ENTRIES SUPPLIED »
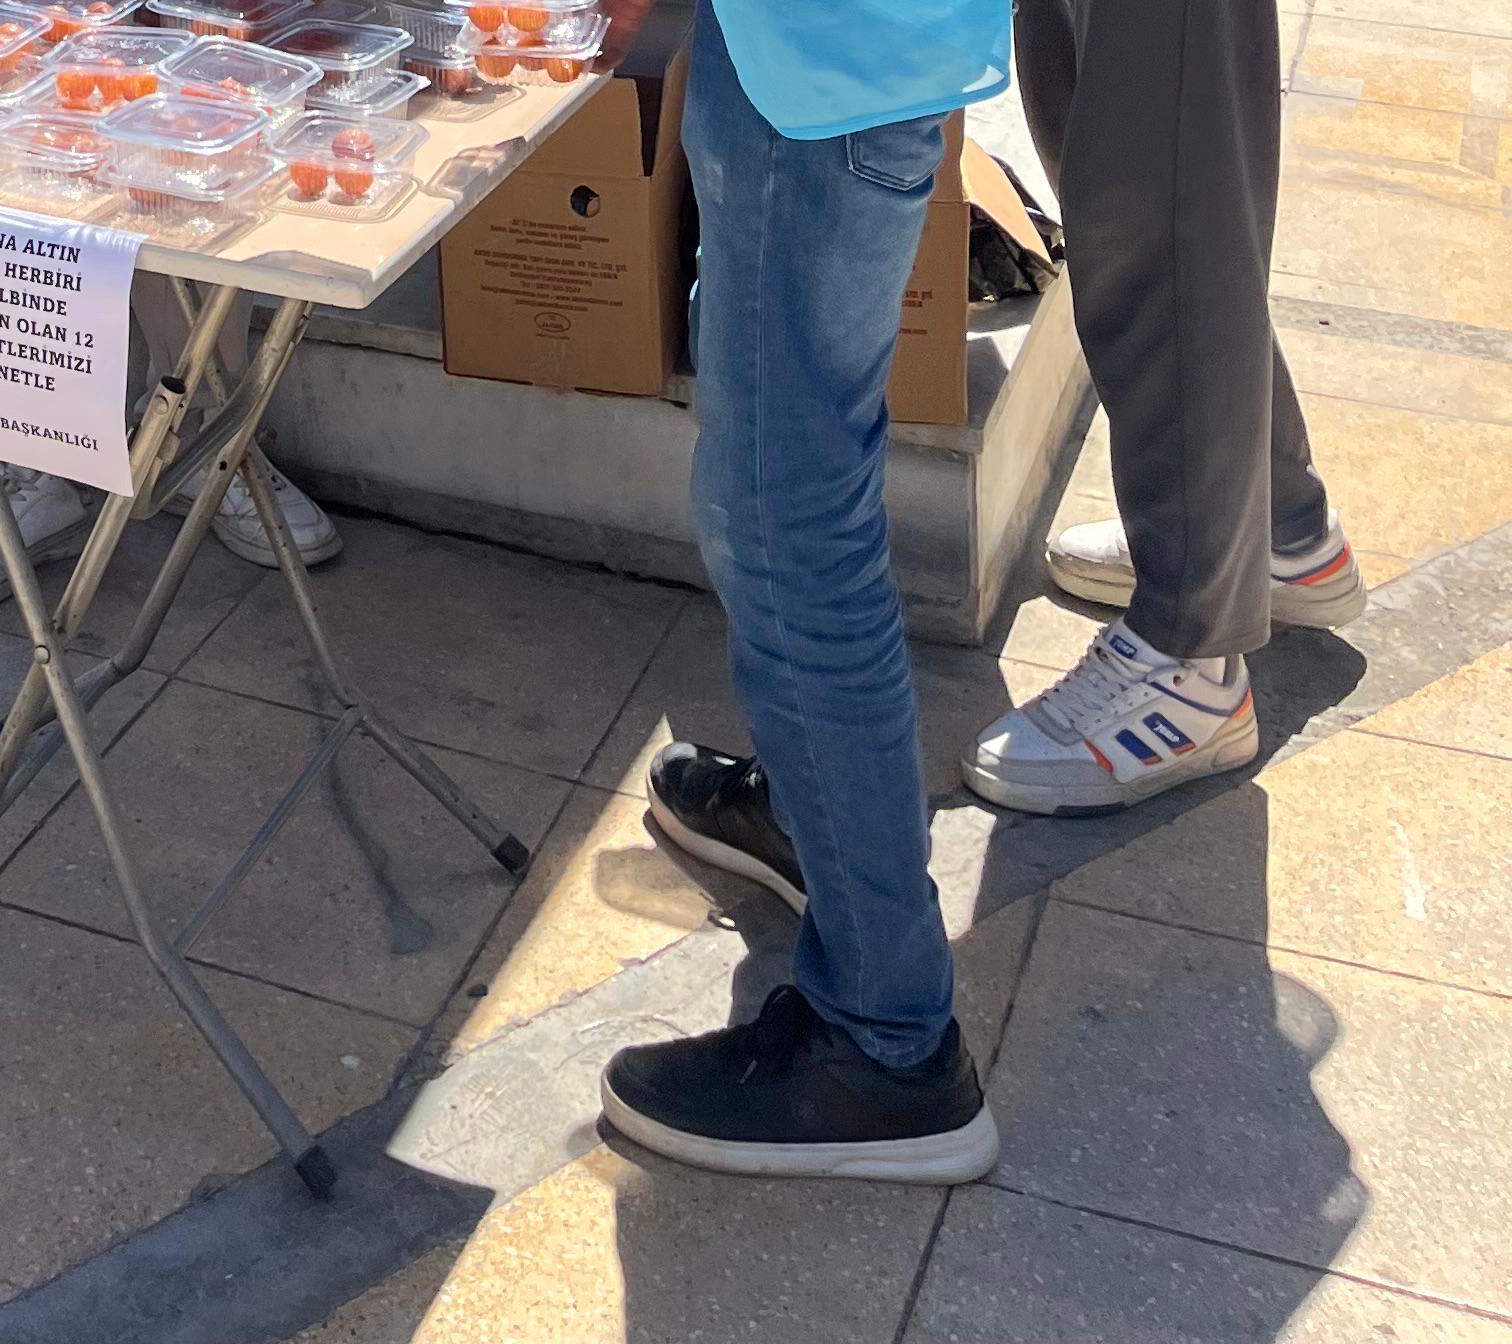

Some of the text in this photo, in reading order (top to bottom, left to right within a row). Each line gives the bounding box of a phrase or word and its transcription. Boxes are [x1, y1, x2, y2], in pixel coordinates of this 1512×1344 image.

[22, 238, 81, 264] ALTIN
[4, 262, 82, 292] HERBİRİ
[16, 318, 68, 342] OLAN
[74, 331, 94, 348] 12
[0, 416, 99, 452] BAŞKANLIĞI
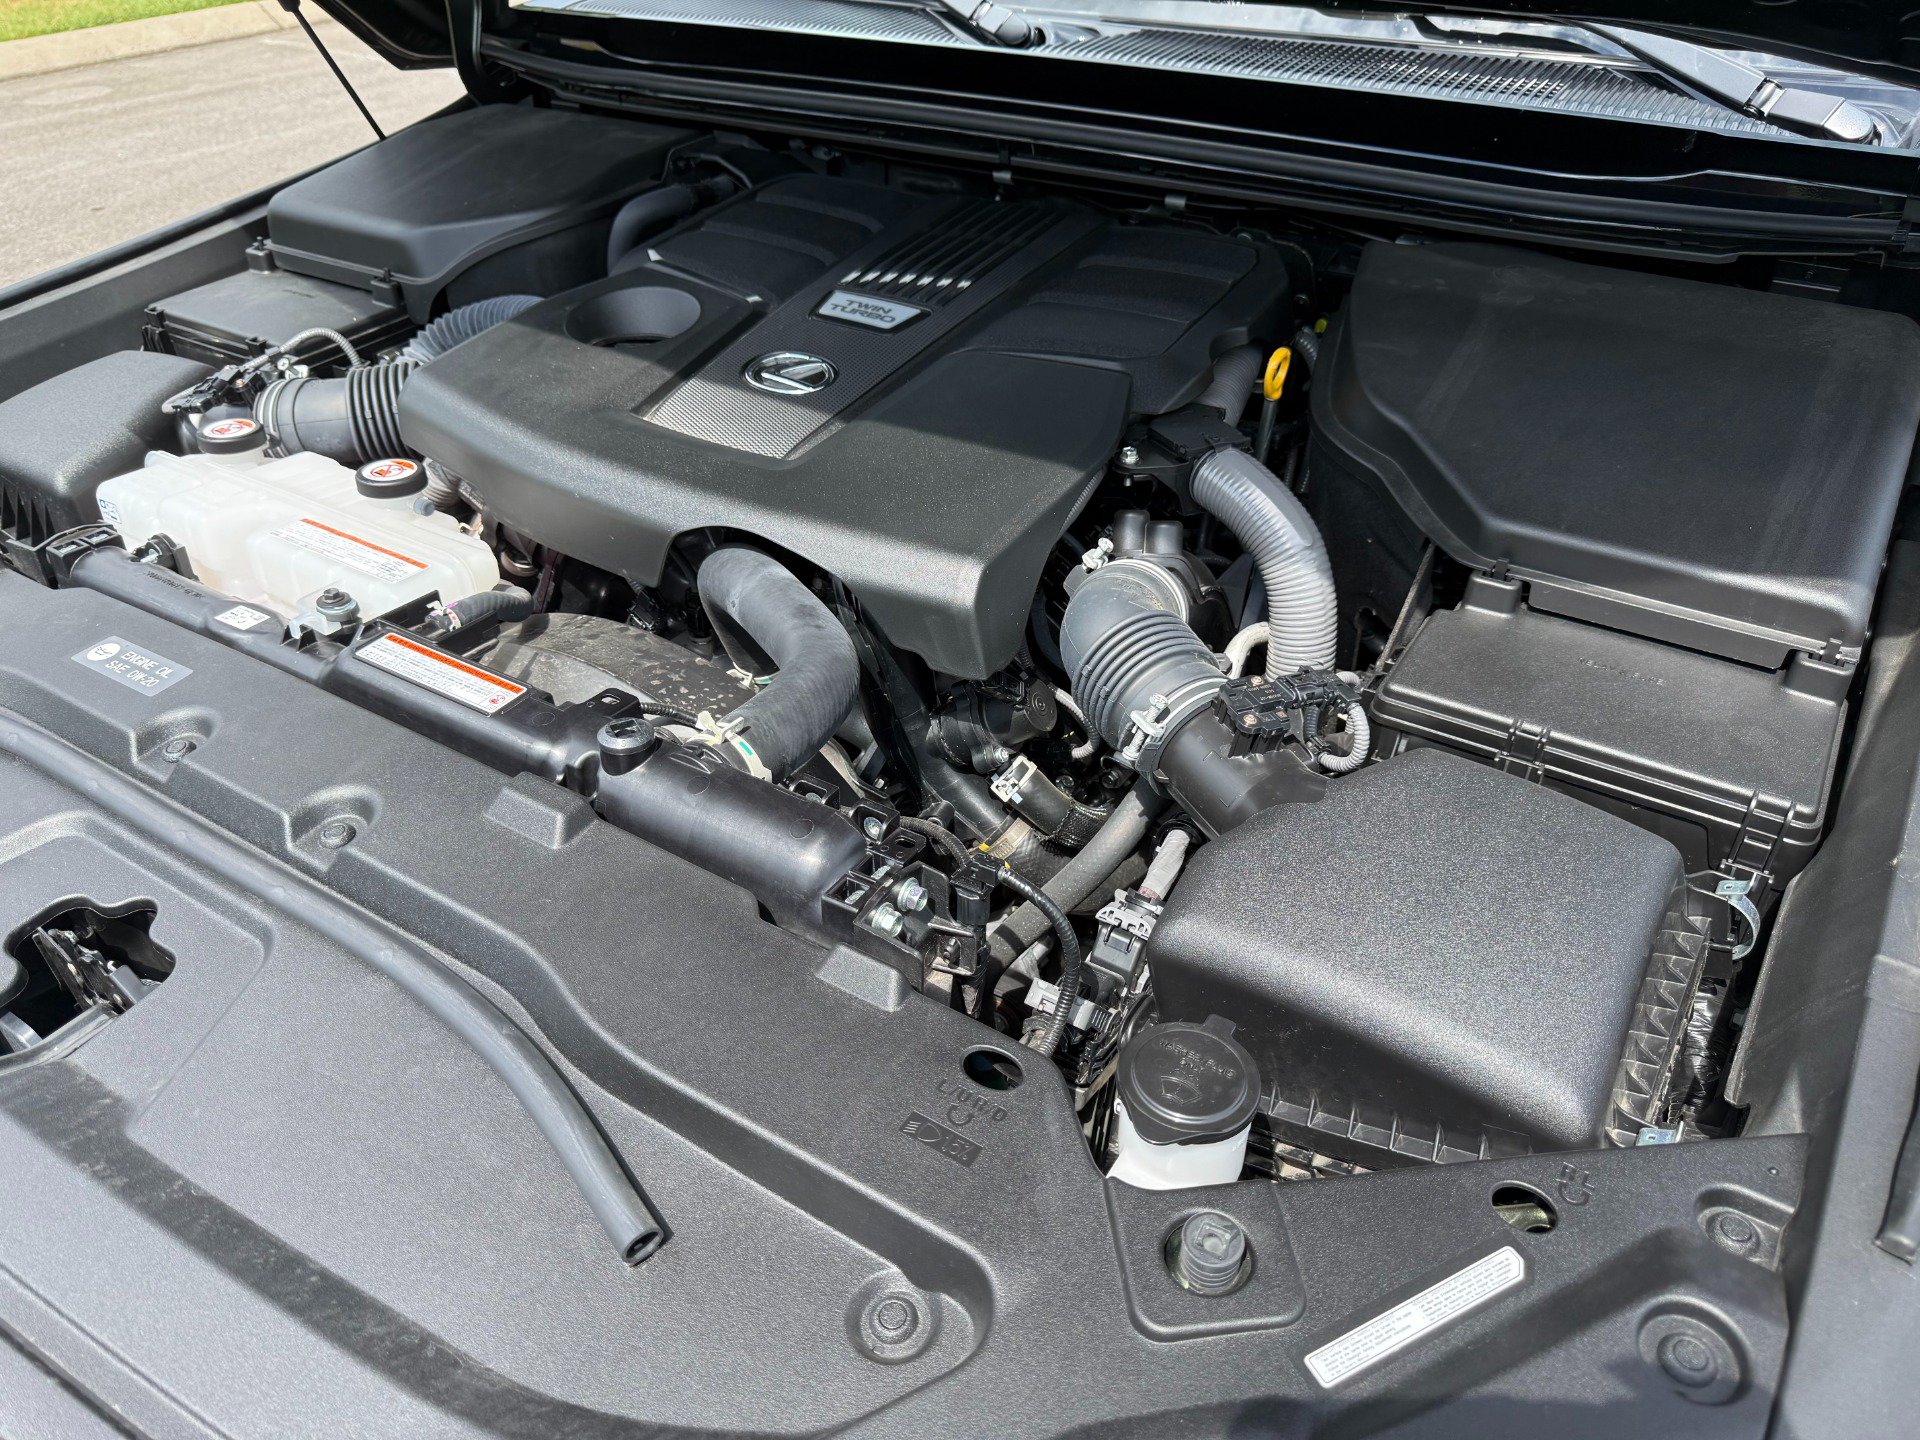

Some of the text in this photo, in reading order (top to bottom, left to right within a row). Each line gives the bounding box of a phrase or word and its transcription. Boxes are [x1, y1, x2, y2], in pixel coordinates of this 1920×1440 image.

[830, 303, 896, 323] TURBO
[846, 299, 892, 315] TWIN
[105, 659, 160, 687] SAE 0W-20
[121, 650, 174, 679] ENGINE OIL

TASK ITEM » You are asked to output the records precisely as they appear, minus any pictures.

ANSWER BELOW »
Some of the text in this photo, in reading order (top to bottom, left to right within a row). Each line gives the bounding box of a phrase or word and its transcription. Boxes are [x1, y1, x2, y2], in pixel coordinates of this 1512×1344 image.

[22, 238, 81, 264] ALTIN
[4, 262, 82, 292] HERBİRİ
[16, 318, 68, 342] OLAN
[74, 331, 94, 348] 12
[0, 416, 99, 452] BAŞKANLIĞI

Some of the text in this photo, in reading order (top to bottom, left to right within a row). Each line gives the bounding box of a phrase or word and its transcription. Boxes are [x1, y1, x2, y2], in pixel coordinates of this 1920×1440 image.

[830, 303, 896, 323] TURBO
[846, 299, 892, 315] TWIN
[105, 659, 160, 687] SAE 0W-20
[121, 650, 174, 679] ENGINE OIL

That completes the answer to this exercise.